Variant 1 has the following disadvantages: The aluminum strip must be as dry as possible when it makes contact with the contact roll--notwithstanding preceding treatment steps in solutions, which are normally carried out--and, therefore, additional costs of construction and energy are required for an intermediate drying process. In addition, arc discharges may occur, when the strip is separated from the contact roll and these arc discharges can irreversibly destroy the surface of the aluminum strip and give rise to faults in the subsequent anodic oxidation or even render the strip entirely useless. In view of the high operating speeds currently demanded, for example, of 300 m/min and even higher, in connection with the high current densities required in the process, these disadvantages can prove to be particularly detrimental. These disadvantages do not occur with variant 2, however, in this variant, use of a contacting cell or contacting compartment, respectively, results in an additional extension of the anodic-oxidation stage to almost twice its length, and this is very uneconomical at the required operating speeds which necessarily involve long electrolyte baths.

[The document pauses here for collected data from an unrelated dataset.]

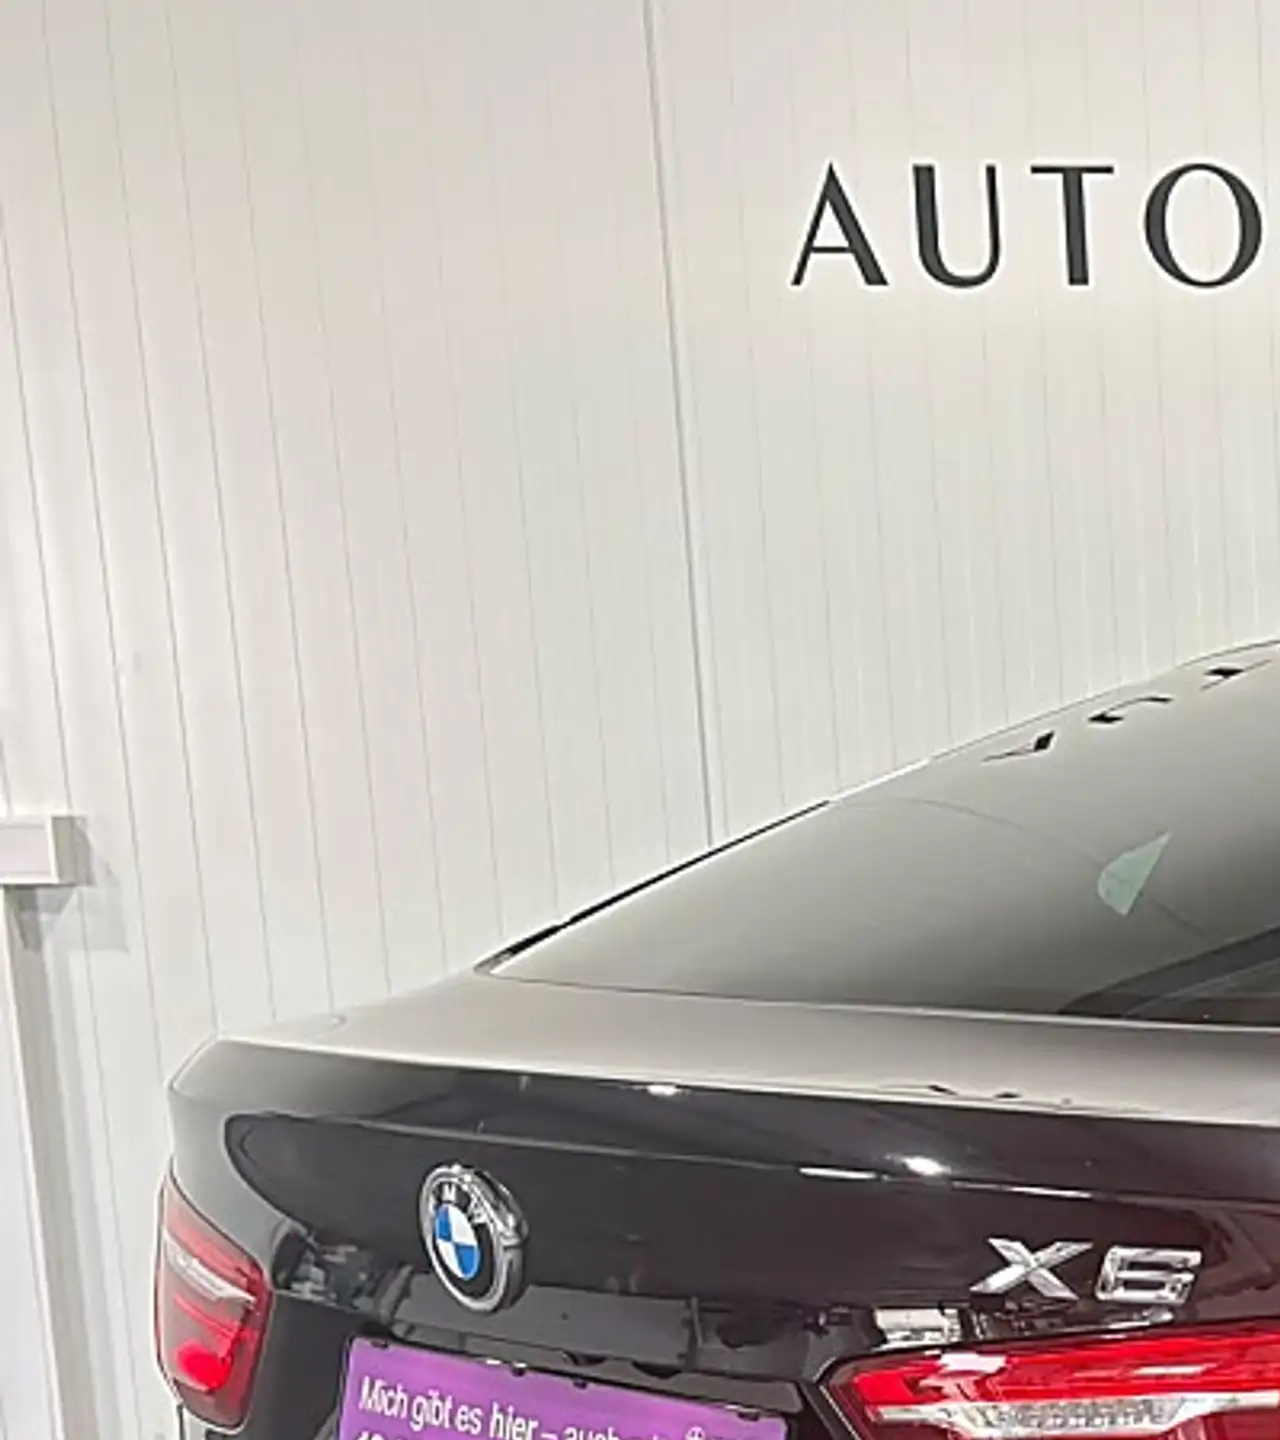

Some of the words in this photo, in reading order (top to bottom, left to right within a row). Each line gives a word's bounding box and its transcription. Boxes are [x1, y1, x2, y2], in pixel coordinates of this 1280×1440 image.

[969, 1237, 1202, 1305] X6
[358, 1375, 409, 1419] Mich
[410, 1388, 453, 1432] gibt
[455, 1404, 484, 1436] es
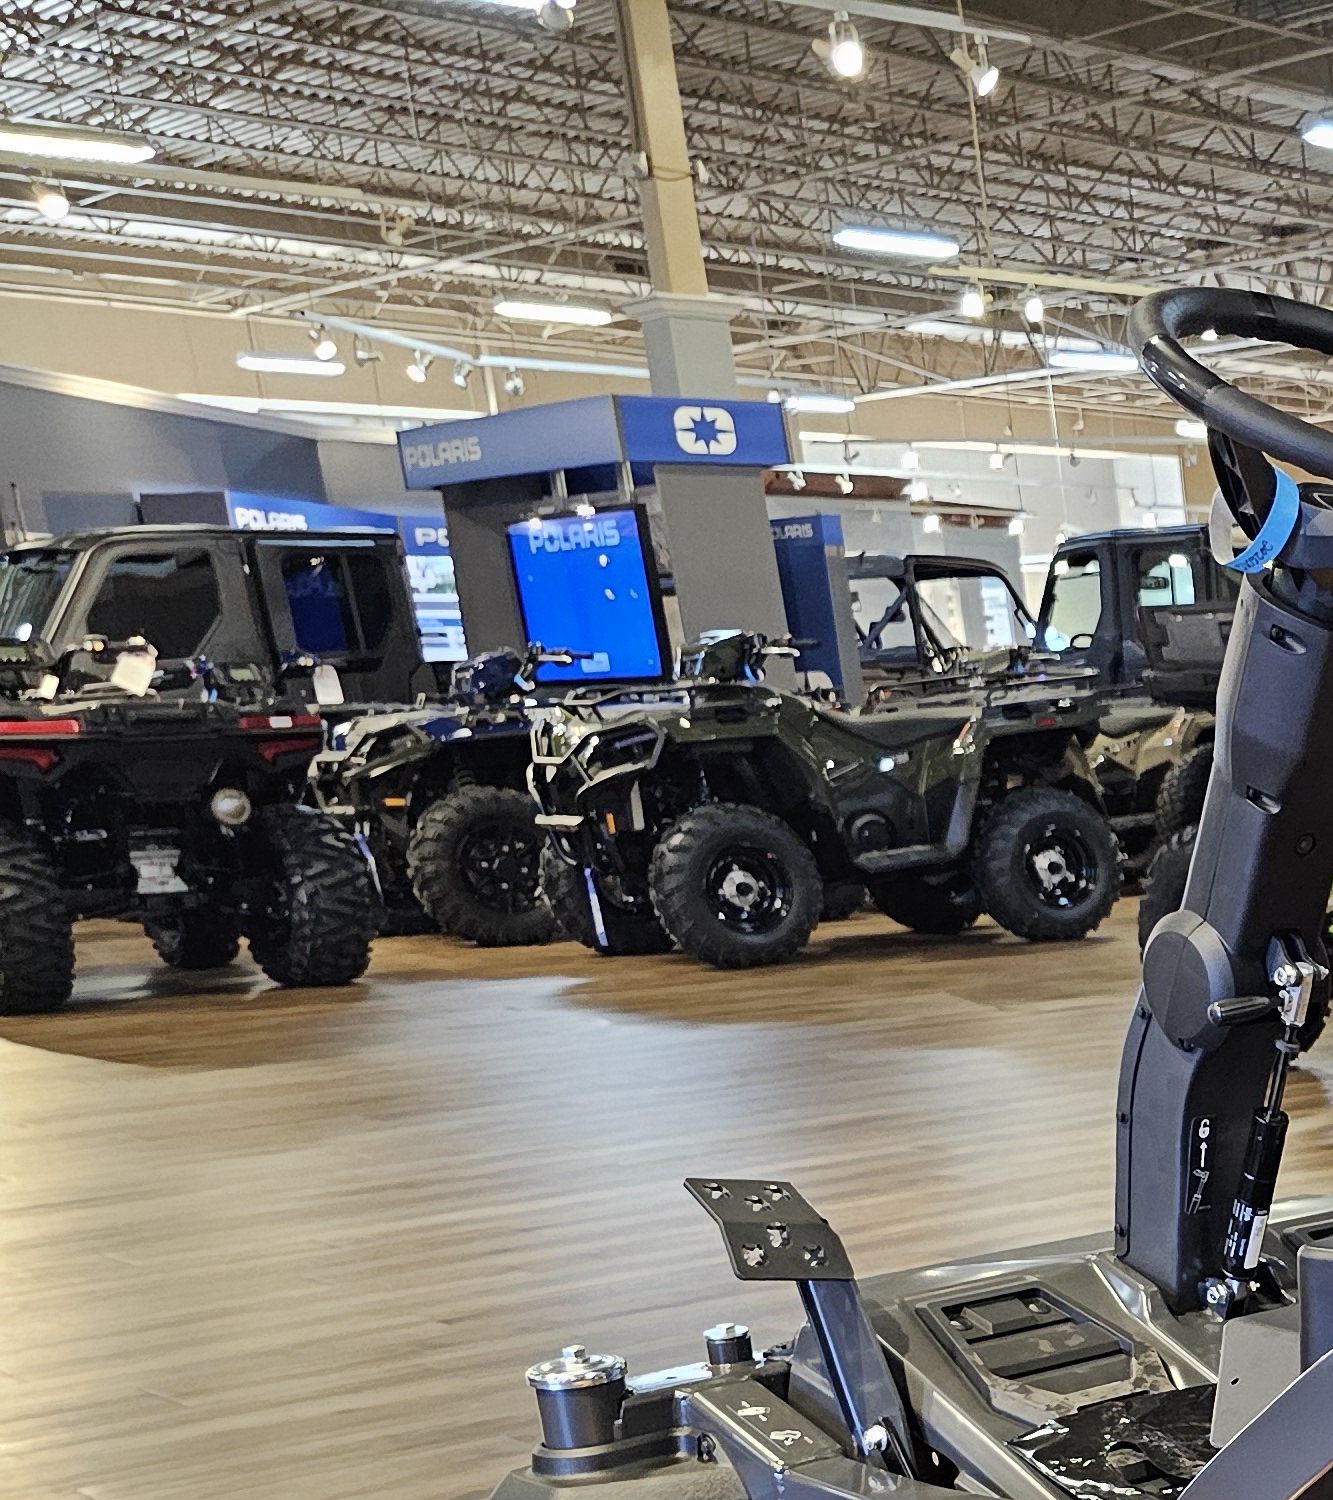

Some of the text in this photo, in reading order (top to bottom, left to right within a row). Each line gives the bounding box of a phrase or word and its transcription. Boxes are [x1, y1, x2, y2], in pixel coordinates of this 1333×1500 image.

[404, 435, 483, 471] POLARIS
[234, 507, 309, 531] POLARIS
[528, 519, 621, 554] POLARIS

DE-A No. 2,917,383 (=U.S. Pat. No. 4,214,961) describes a process for continuously electrochemically treating (roughening or anodically oxidizing) aluminum strips, in a vertical arrangement. In the process, the aluminum strip is, in each case, passed vertically over idler rollers and between dividers arranged in an electrolytic bath, with at least part of these dividers being also electrodes. According to FIG. 4 of this publication, all the dividers may be connected to act as electrodes; if this is so, two adjacent dividers are, in each case, anodes or cathodes, respectively, and, as a result, the aluminum is treated on both surfaces. In this variant, the process cannot be used for treating aluminum on one surface and it also cannot be applied to a strip which is substantially horizontally guided.

SUMMARY OF THE INVENTION

It is an object of the present invention to provide a process and a device for continuously anodically oxidizing aluminum strips on one surface thereof, which make it possible to use electrolytic bath(s) of reasonable lengths in the actual anodizing compartment, without adversely influencing the strip surface, even in the case of high travelling speeds of the strip.

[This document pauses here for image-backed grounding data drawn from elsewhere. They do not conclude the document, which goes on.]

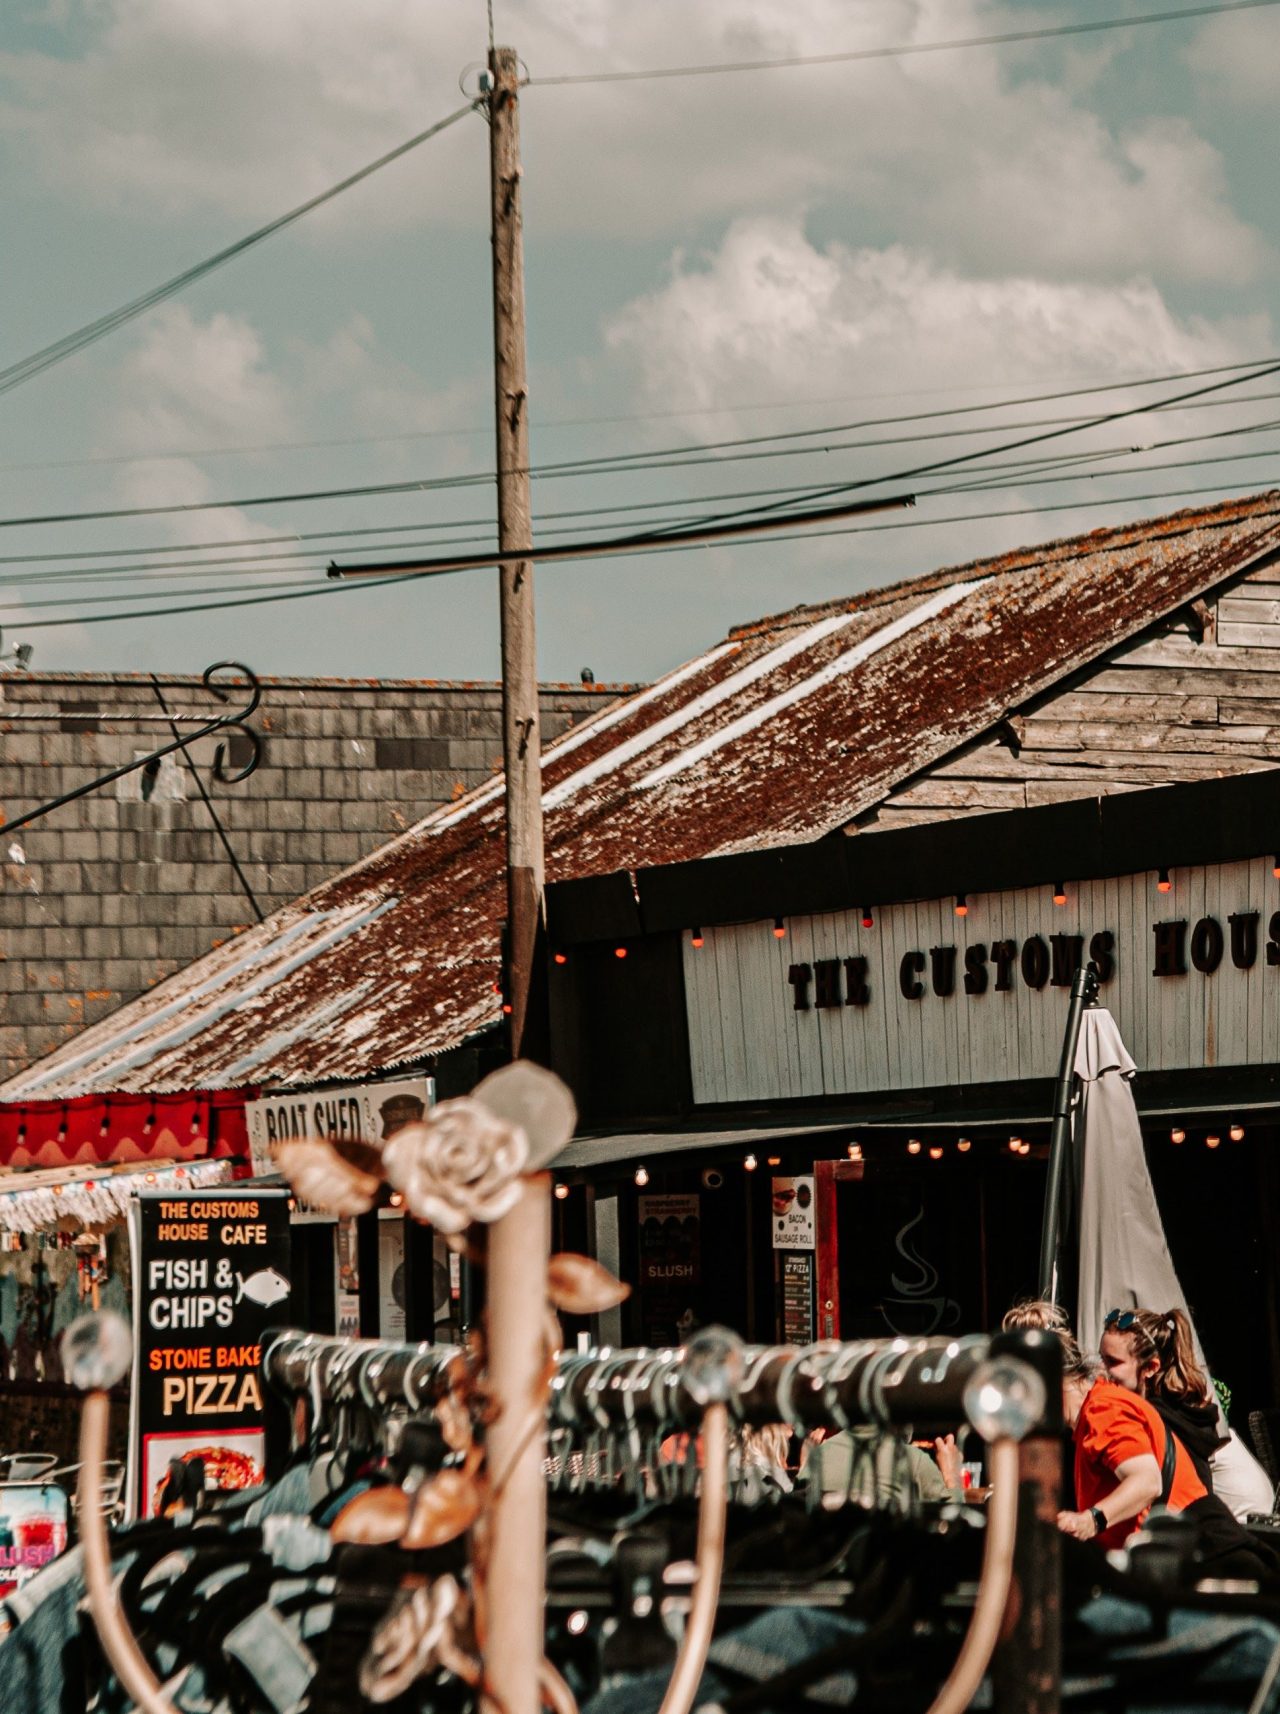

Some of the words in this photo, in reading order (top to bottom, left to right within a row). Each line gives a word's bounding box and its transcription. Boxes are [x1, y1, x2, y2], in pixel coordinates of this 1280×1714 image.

[789, 956, 871, 1010] THE
[900, 931, 1115, 1000] CUSTOMS
[265, 1103, 308, 1143] BOAT
[159, 1202, 188, 1218] THE
[190, 1202, 259, 1219] CUSTOMS
[158, 1224, 208, 1241] HOUSE
[220, 1225, 267, 1245] CAFE
[149, 1259, 208, 1290] FISH
[214, 1258, 233, 1288] &
[648, 1265, 693, 1277] SLUSH
[149, 1296, 233, 1330] CHIPS
[149, 1347, 212, 1370] STONE
[216, 1345, 262, 1367] BAKE
[163, 1373, 263, 1416] PIZZA
[0, 1544, 55, 1569] LUSH

The invention is based on a process for continuously anodically oxidizing one surface of strips of aluminum or an aluminum alloy in an aqueous electrolyte, using a direct current which is caused to act on the aluminum strip by at least one anode and at least one cathode, which are arranged in the electrolyte. In the process of the invention, the anode(s) and the cathode(s) electrochemically act, from opposite sides and simultaneously, on the strip which moves past them. In preferred embodiments, the strip is substantially horizontally guided past the substantially horizontally arranged electrodes, the aqueous electrolyte contains sulfuric acid and/or phosphoric acid, and a mechanical, chemical and/or electrochemical roughening treatment is carried out before the anodic oxidation. The term "substantially horizontal" is meant to include angular deviations of even up to 30° from the horizontal line.

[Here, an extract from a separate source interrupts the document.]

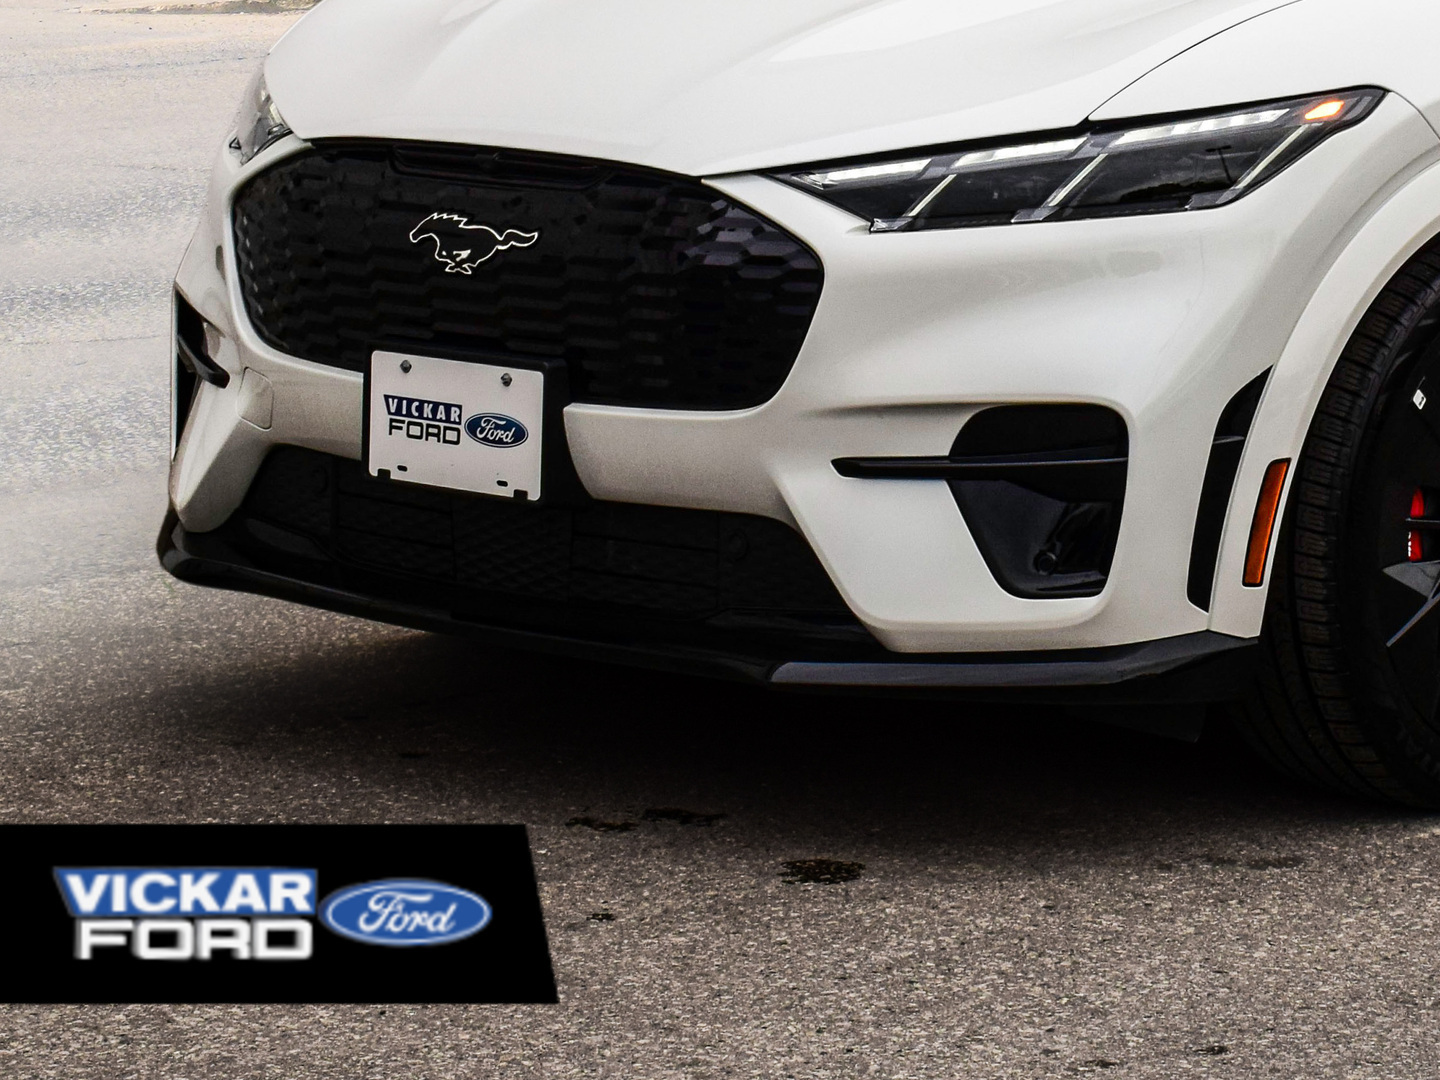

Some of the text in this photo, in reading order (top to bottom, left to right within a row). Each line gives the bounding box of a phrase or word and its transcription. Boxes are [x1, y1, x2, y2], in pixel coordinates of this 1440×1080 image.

[387, 397, 461, 424] VICKAR
[387, 417, 461, 446] FORD
[476, 416, 516, 443] Ford

The object of the present invention is further achieved by a device for continuously anodically oxidizing one surface of strips of aluminum or an aluminum alloy, using a direct current, the device comprising (a) at least one treating bath filled with an aqueous electrolyte, (b) at least one anode each, which is arranged in the electrolyte, below the strip to be treated and (c) at least one cathode each, which is arranged in the electrolyte, above the strip to be treated. In a device according to the invention, only one treating bath may be provided, however, it is also possible to use several sequentially arranged treating baths, each of which comprises at least one of the above-specified pairs of electrodes; the baths may contain the same aqueous electrolyte, but it is also possible to employ different aqueous electrolytes. In the process, the strip which is to be treated can be introduced into the bath and/or removed from the bath and conveyed through the bath, respective1y, by means of guide rollers (guide rolls), as is known in the art; different methods of transporting the strip are, however, also possible, for example, introducing the strip into the bath or removing it from the bath through sealed slots, or any of the other methods mentioned in the above-described state of the art.

In preferred embodiments of the device according to the invention, the width of an anode is smaller and the width of a cathode is greater than the width of the strip and the length of an anode exceeds the length of a cathode. The term "length" refers to the extension of the respective electrode surface in the direction of transportation of the strip and "width" is the extension of the electrode surface, normal to the direction of transportation of the strip.

The strip which is to be treated does not contact the electrode surface in the process, preferably, the strip is closer to the anode than to the cathode. As a rule, the terms "anode" or "cathode" or "electrode" refer to an electrically conducting body comprising one piece; other arrangements are, however, also possible, in which the electrically conducting body comprises several partial bodies, such that, for example, several partial anodes which are connected to the same pole of a source of current are arranged opposite a one-piece cathode in a treating bath. The relative dimensions given above, therefore, do not only refer to one-piece electrodes, but correspondingly also to an electrode comprising several partial bodies. Suitable aqueous electrolytes include those which are known from the state of the art (see also introductory part of the description), i.e. in particular aqueous solutions of H2 SO4 or H3 PO4, but also oxalic acid, chromic acid etc, mixtures of these acids or two or more baths comprising different electrolytes. The acid concentrations are usually between 2 and 60% by weight, the temperature of the electrolyte ranges from 5° to 60° C., the current densities of the direct current or the modified forms of direct current which are to be applied are between 0.5 and 150 A/dm2 and the anodizing times are between 5 and 240 s. The layer weights of aluminum oxide are in the range from 0.5 to 10 g/m2, which corresponds to a thickness of layer of about 0.15 to 3.0 μm. Preferably, the process according to the invention is carried out in such a way that the aqueous electrolyte is conveyed parallel in respect to the surface of the strip which is to be treated, for example, at a speed of 5 to 100 cm/s, the direction of flow of the electrolyte is, in particular, counter to the direction of transportation of the strip.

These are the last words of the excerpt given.